There was a time when judges – let us not name them – took oath under Musharraf’s PCO. Not only that, they validated his rule, not once but twice, even giving him the right to amend the Constitution. But we have drawn a line under all that. Like charity, moral righteousness is also best when beginning at home.
The Air Marshal Asghar Khan petition about ISI money doled out to anti-PPP politicians to cramp Benazir Bhutto’s chances in the 1990 elections will be a litmus test for the rule of law. Will the matter be taken to its logical end? Will General Aslam Beg and my friend Lt Gen Asad Durrani, then ISI head, be cashiered? Will the recipients of ISI money be disqualified from holding political office? I don’t think so. In Animal Farm, a take it bears remembering on the socialist revolution, George Orwell has the last word: “All animals are equal but some are more equal than others.”

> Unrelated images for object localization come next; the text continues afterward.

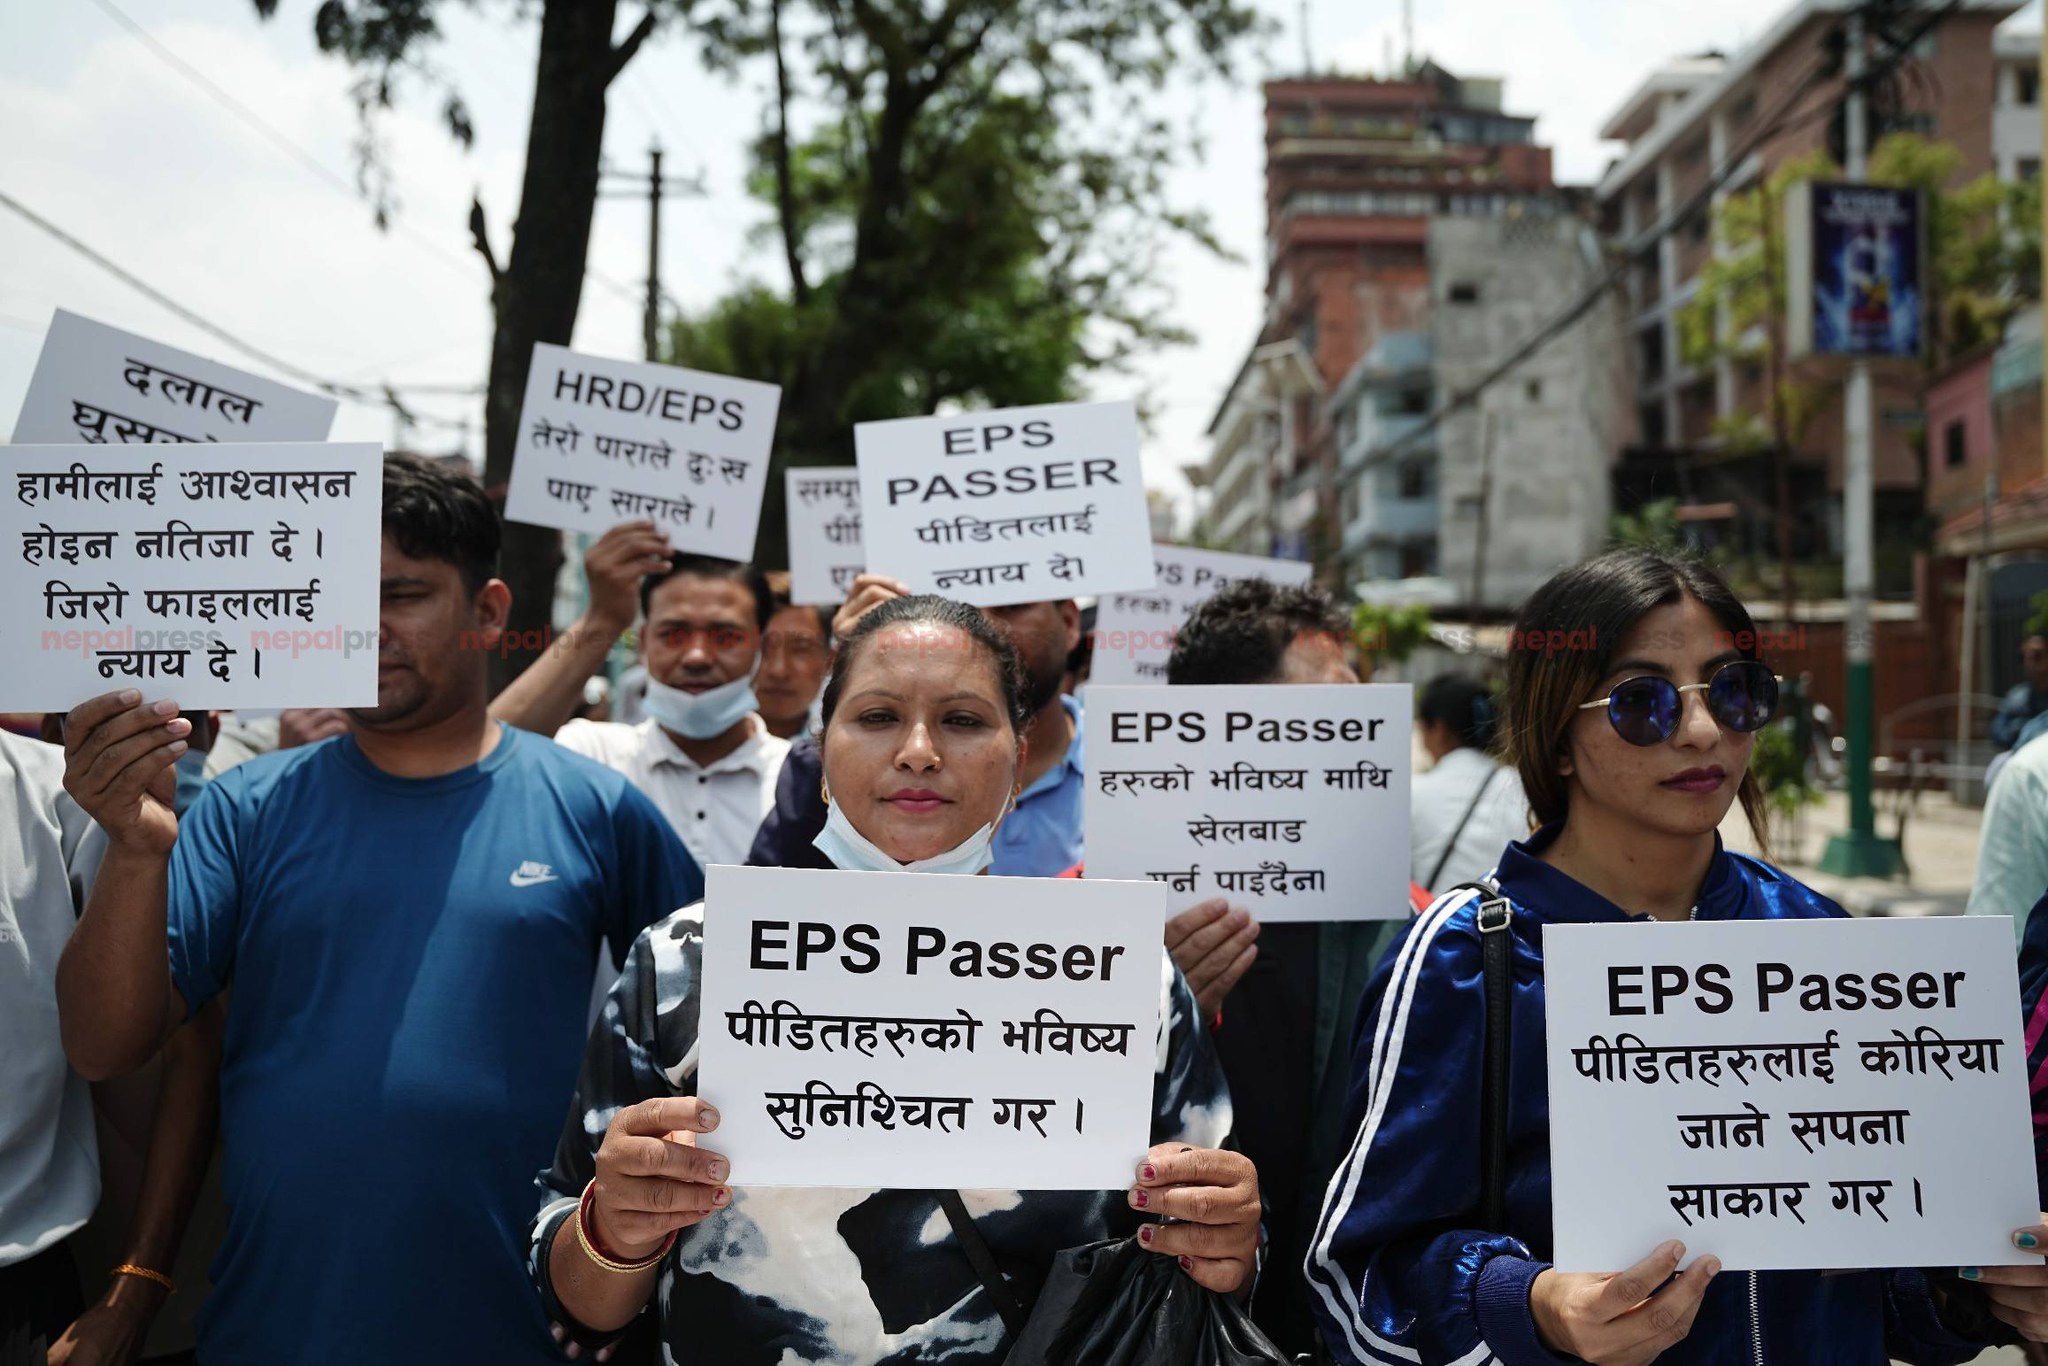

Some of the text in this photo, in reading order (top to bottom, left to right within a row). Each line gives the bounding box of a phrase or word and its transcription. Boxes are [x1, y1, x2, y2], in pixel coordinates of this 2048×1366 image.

[123, 357, 263, 423] दलाल
[554, 369, 745, 431] HRD/EPS
[532, 419, 581, 451] तेरो
[595, 435, 674, 467] पाराले
[944, 421, 1054, 456] EPS
[17, 463, 357, 507] हामीलाई आश्वासन
[547, 478, 596, 512] पाए
[611, 492, 695, 524] साराले
[888, 458, 1121, 506] PASSER
[22, 523, 119, 566] होइन
[135, 520, 254, 561] नतिजा
[270, 521, 299, 562] दे
[916, 504, 1096, 544] पीडितलाई
[933, 563, 1029, 589] न्याय
[43, 579, 321, 624] जिरो फाइललाई
[96, 650, 191, 678] न्याय
[207, 640, 237, 682] दे
[1112, 712, 1384, 743] EPS Passer
[1099, 760, 1392, 796] हरुको भविष्य माथि
[1187, 814, 1307, 846] खेलबाड
[750, 920, 1125, 981] EPS Passer
[1608, 963, 1966, 1016] EPS Passer
[725, 1000, 1136, 1058] पीडितहरुको भविष्य
[1571, 1026, 2004, 1087] पीडितहरुलाई कोरिया
[764, 1080, 974, 1140] सुनिश्चित
[992, 1099, 1056, 1138] गर
[1677, 1102, 1910, 1154] जाने सपना
[1667, 1182, 1810, 1227] साकार
[1828, 1180, 1893, 1223] गर
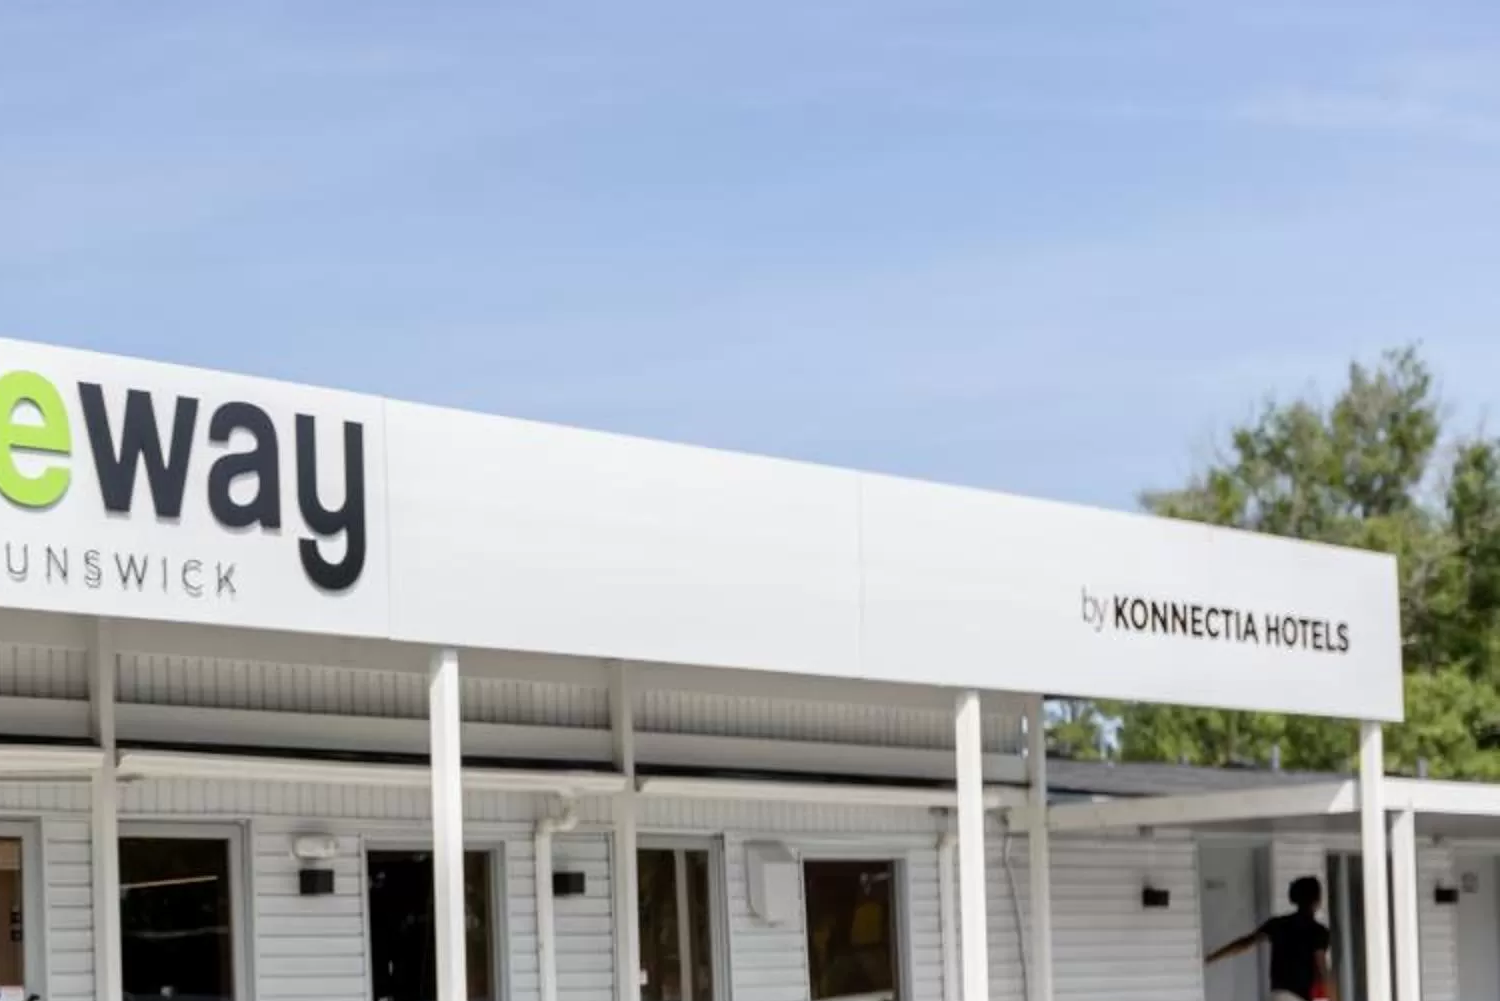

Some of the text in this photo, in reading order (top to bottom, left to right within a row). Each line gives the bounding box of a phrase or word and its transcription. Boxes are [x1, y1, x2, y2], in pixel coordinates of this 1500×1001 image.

[1080, 584, 1350, 653] by KONNECTIA HOTELS
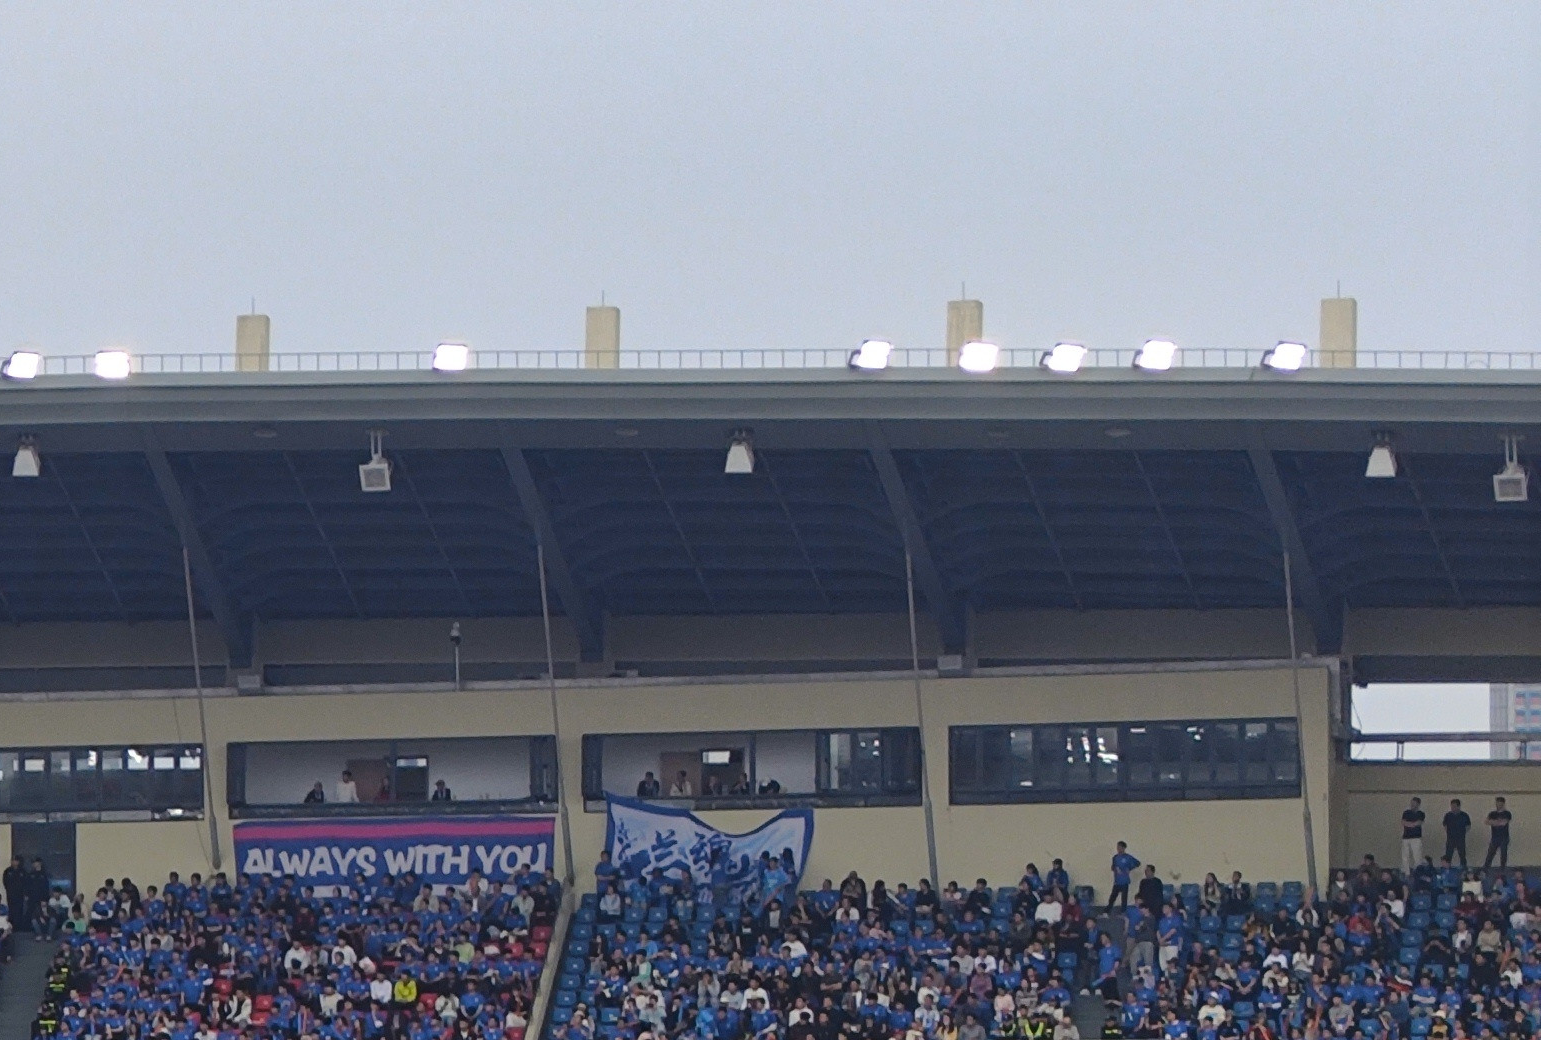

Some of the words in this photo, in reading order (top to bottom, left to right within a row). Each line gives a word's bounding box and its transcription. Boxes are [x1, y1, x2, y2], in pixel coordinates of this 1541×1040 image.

[243, 845, 377, 878] ALWAYS
[383, 843, 470, 876] WITH
[475, 841, 547, 876] YOU
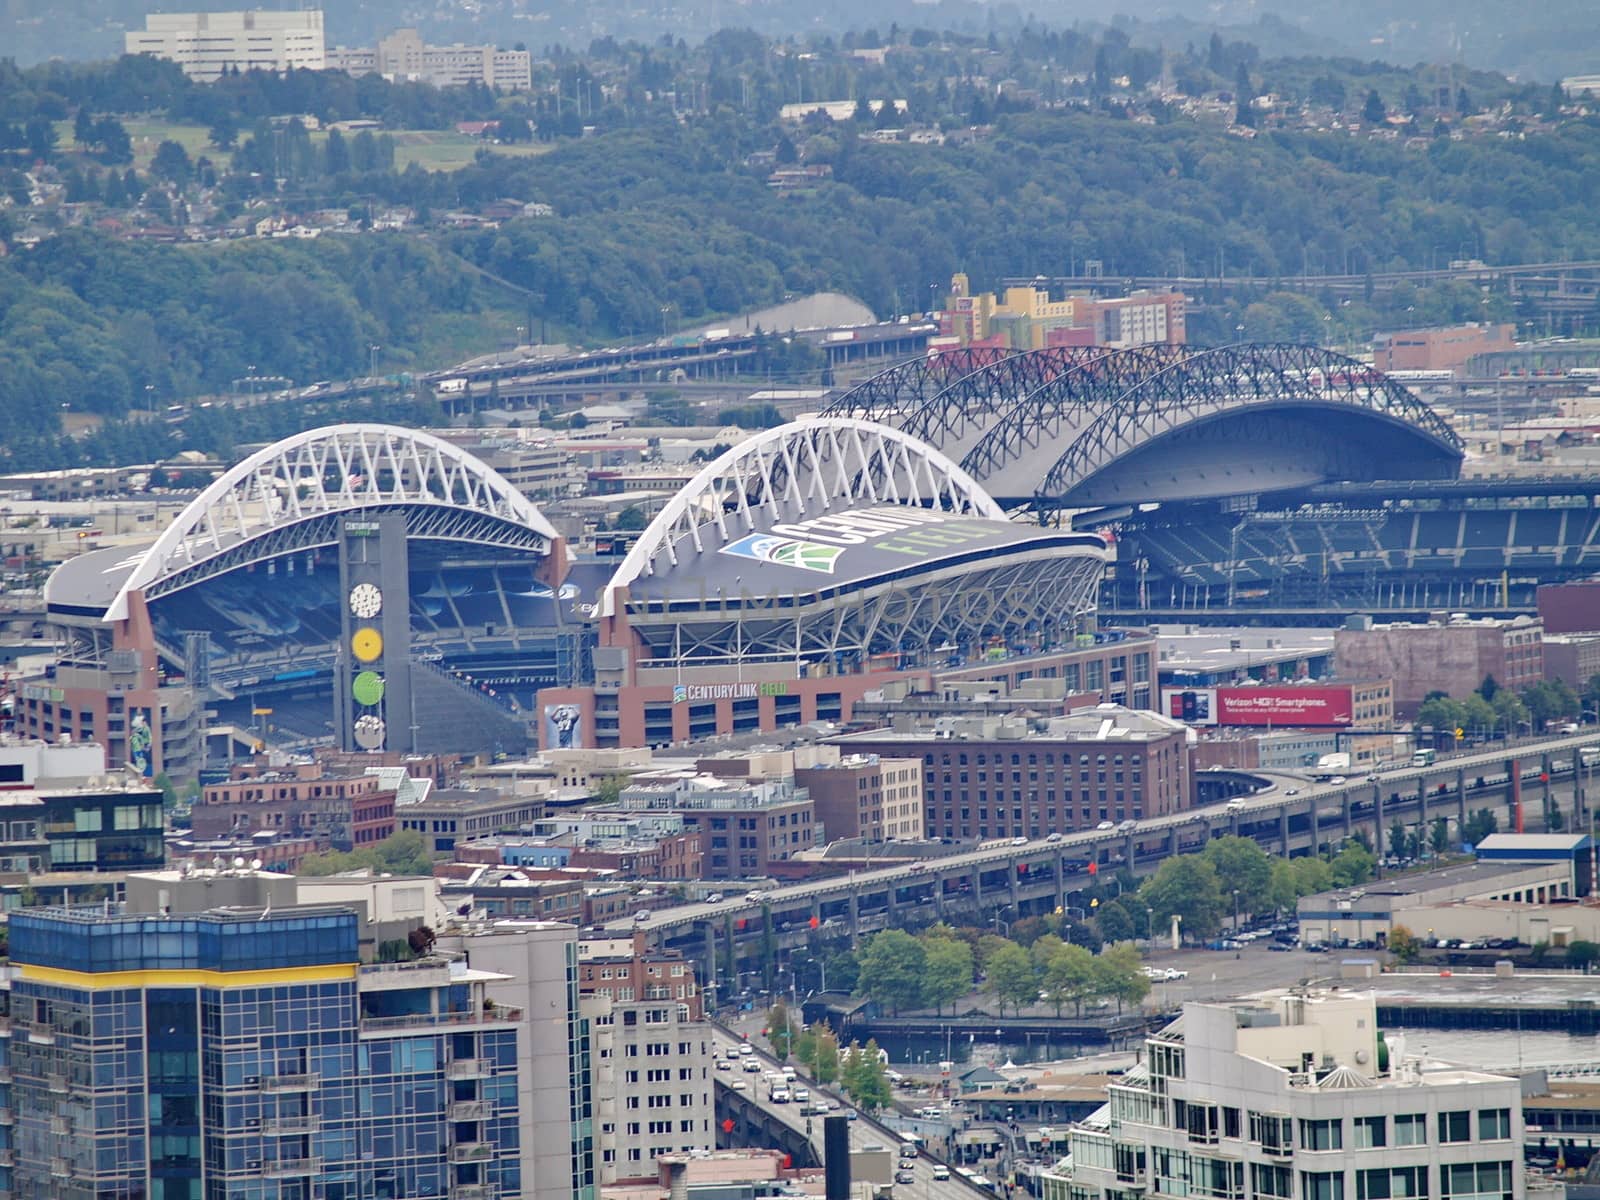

Until all animals are equal and some not more so than others, and when the rule of law is not selective in its application, should we not temper some of our indignation and hold back the horses of our moral outrage? Ghalib bears witness to the same proposition: “Mein ne Majnoon pe larkpan mein Asad, Sang uthaya tu sar yaad aya.” When in my youth I threw a stone at Majnoon, I remembered my own doings.
Or did Christ have the last word: “Let him who is without sin cast the first stone.”